I have an elevated optical density (OD) reading for my ELISA standard. What went wrong?
Here are possible causes and solutions:
Incorrect dilution of the anti-rabbit IgG HRP or streptavidin-HRP working solution.
Warm the solution of anti-rabbit IgG HRP or streptavidin-HRP (100X) to room temperature, draw it up slowly, and wipe the tip with a laboratory tissue (e.g., Kimwipe tissue) to remove the excess. Dilute only in the HRP diluent provided.
Incubation times extended. Follow incubation times outlined in the protocol.
Incubations performed at 37 degrees C. Perform incubations at room temperature (approximately 25 plus or minus 2 degrees C) when instructed in the protocol.
I am getting an elevated background in my ELISA. What should I do?

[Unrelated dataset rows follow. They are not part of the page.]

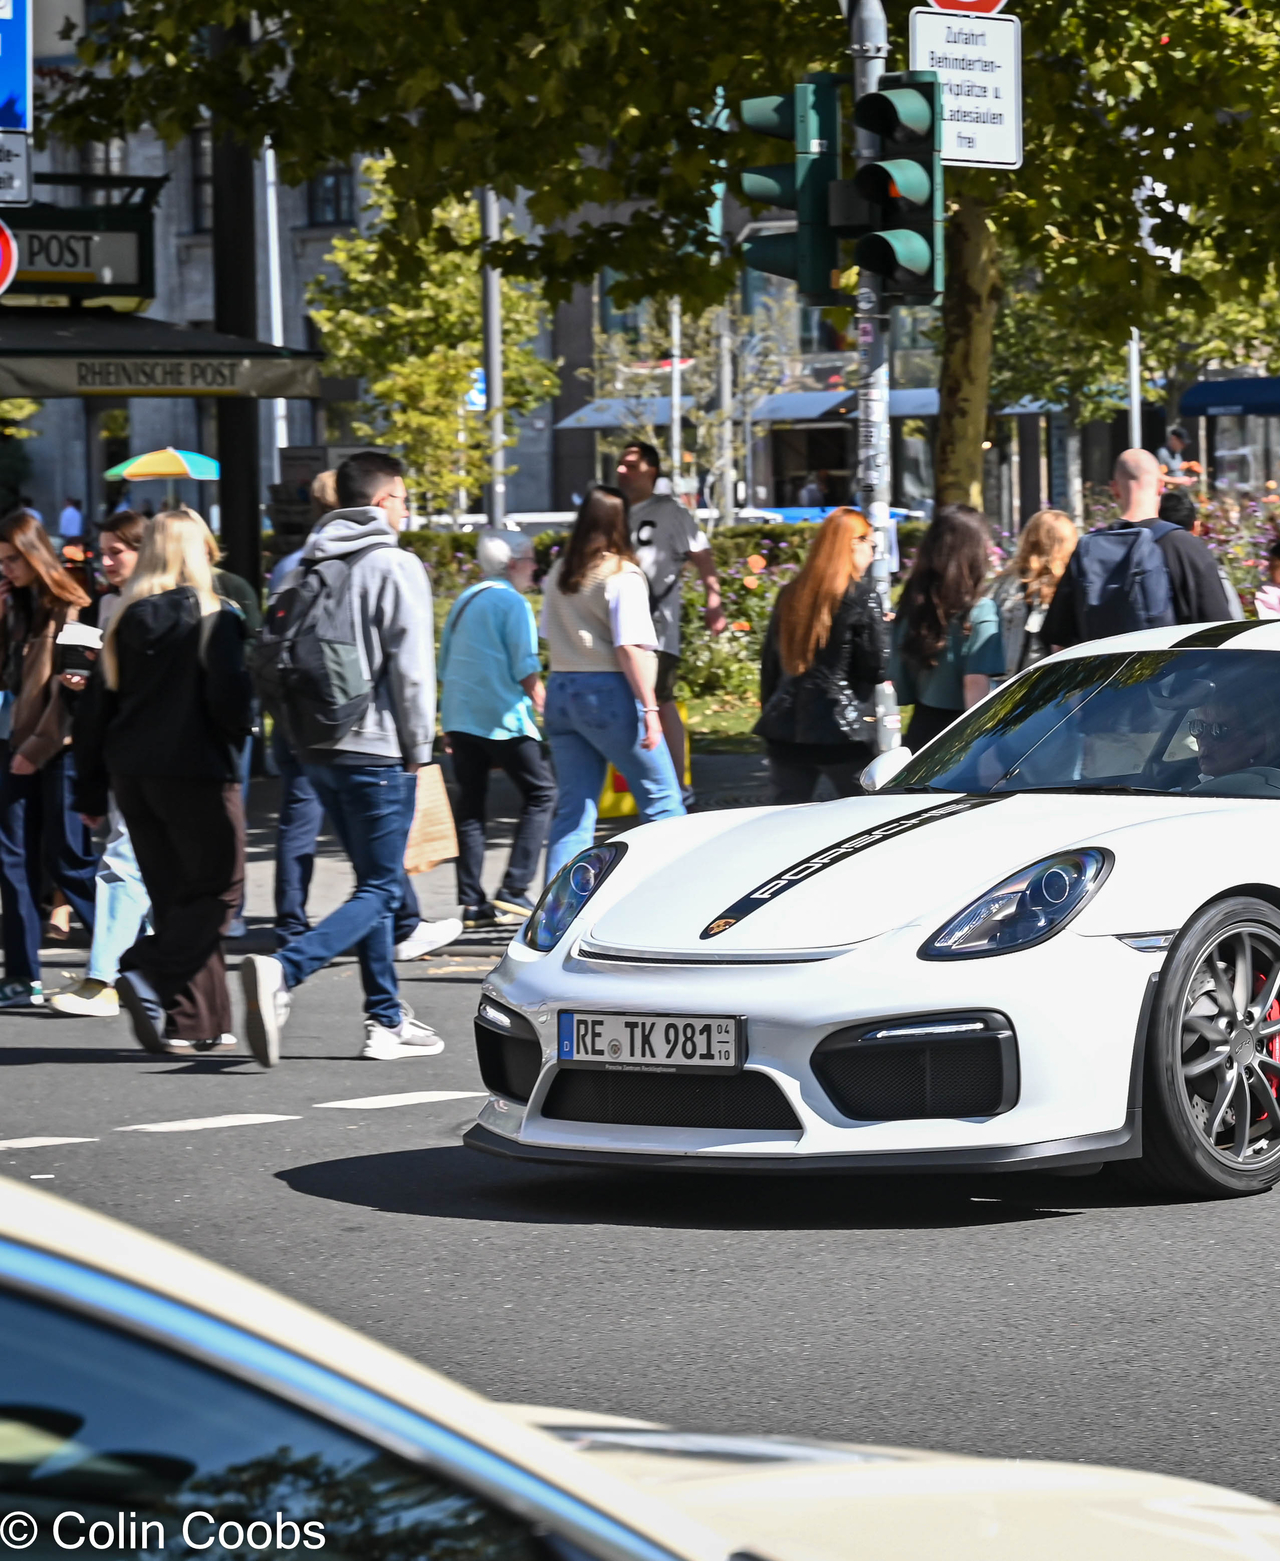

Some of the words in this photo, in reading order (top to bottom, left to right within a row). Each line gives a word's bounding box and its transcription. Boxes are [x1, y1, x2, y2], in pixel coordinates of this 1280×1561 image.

[945, 25, 987, 46] Zufahrt
[929, 51, 1002, 72] Behinderten-
[956, 131, 977, 149] frei
[27, 233, 93, 268] POST
[76, 361, 186, 387] RHEINISCHE
[190, 361, 239, 387] POST
[749, 802, 972, 899] PORSCHE
[576, 1018, 605, 1057] RE
[624, 1021, 656, 1059] TK
[664, 1022, 715, 1061] 981
[716, 1023, 730, 1035] 04
[563, 1041, 570, 1052] D
[717, 1049, 731, 1061] 10
[605, 1063, 622, 1071] Porsche

Here are possible causes and solutions:
Insufficient washing and/or draining of wells after washing. Residual solution containing anti-rabbit IgG HRP or streptavidin-HRP can elevate the background if left in the well.
Wash according to the protocol. Verify the function of the automated plate washer. At the end of each washing step, invert the plate on absorbent tissue on the countertop and allow it to completely drain, tapping forcefully if necessary to remove residual fluid.
Chromogen exposed to light prior to use, resulting in a blue color.
Keep chromogen in its vial until you are ready to dispense it into the plate, and then pour it into a reservoir to prevent contamination of the vial with equipment. Do not cover the plate with foil.
Incubation time is too long or incubation temperature is too high.
Reduce incubation time and/or temperature.
Contamination of pipette, dispensing reservoir, or substrate solution with anti-rabbit IgG HRP or streptavidin-HRP.
Do not use chromogen that appears blue prior to dispensing onto the plate. Obtain a new vial of chromogen.
Blanks that have been set up improperly.
Follow the protocol when designating blank wells. Blank wells contain only chromogen and stop solution. Subtract blank well results from all other wells.
Incorrect dilution of standard stock solution or standards diluted in serum, culture supernatant, or other.
Follow the protocol instructions regarding dilution of the standard. Dilute standards only in the Standard Diluent Buffer provided in the kit.
After I added the chromogen reagent to the plate, I incubated the ELISA as suggested in the manual, but the A450 of the highest standard was higher than what my plate reader can read. What should I do?
Our customers use a wide variety of plate readers. Some of these can't read absorbances higher than 2 AUFS (Absorbance Units Full Scale), while others can't go beyond 3 AUFS, for example. If you read your ELISA plates after 30 minutes of incubation at room temperature and 1 or 2 A450 values are off-scale, you can shorten the incubation time. For example, some customers find that 20 minutes is the ideal incubation time because the ambient temperature in their lab is higher than approximately 2 degrees F (22 degrees C). In this case, higher temperatures increase the rate of the HRP-driven ELISA. Conversely, if the A450 values you get are not high enough, you can increase the incubation time accordingly.
The A450 values that I got for the standard curve in your ELISA kit are lower than the example values shown in the product manual. Why?
There are 2 main causes of poor ELISA standard curves. First, the recommended method for solubilizing the kit standard may not have been followed. The standard should be reconstituted according to the directions indicated on the label, using the standard diluent provided in the kit. No other diluent should be used. The vial should then be swirled or mixed gently and then allowed to sit for 10 minutes at room temperature to ensure complete solubilization. This concentrated standard solution should be used within 1 hour of reconstitution. Also, it should be mixed gently again before preparing the dilutions in standard diluent according to the instructions provided in the product manual. Leftover standard can usually be stored frozen in small aliquots, unless specified otherwise in the product manual.
The second common reason for poor standard curves is that the HRP conjugate was not diluted correctly. The 100X HRP conjugate solution contains 50% glycerol, which makes it very viscous and difficult to pipet accurately. Here is what we suggest to solve this problem: First, let the vial of HRP conjugate come to room temperature. Then, stir it gently with a clean pipet tip to make sure that it is homogeneous. Use only the separate HRP conjugate diluent provided in the kit to dilute it, and follow the dilution instructions provided in the manual.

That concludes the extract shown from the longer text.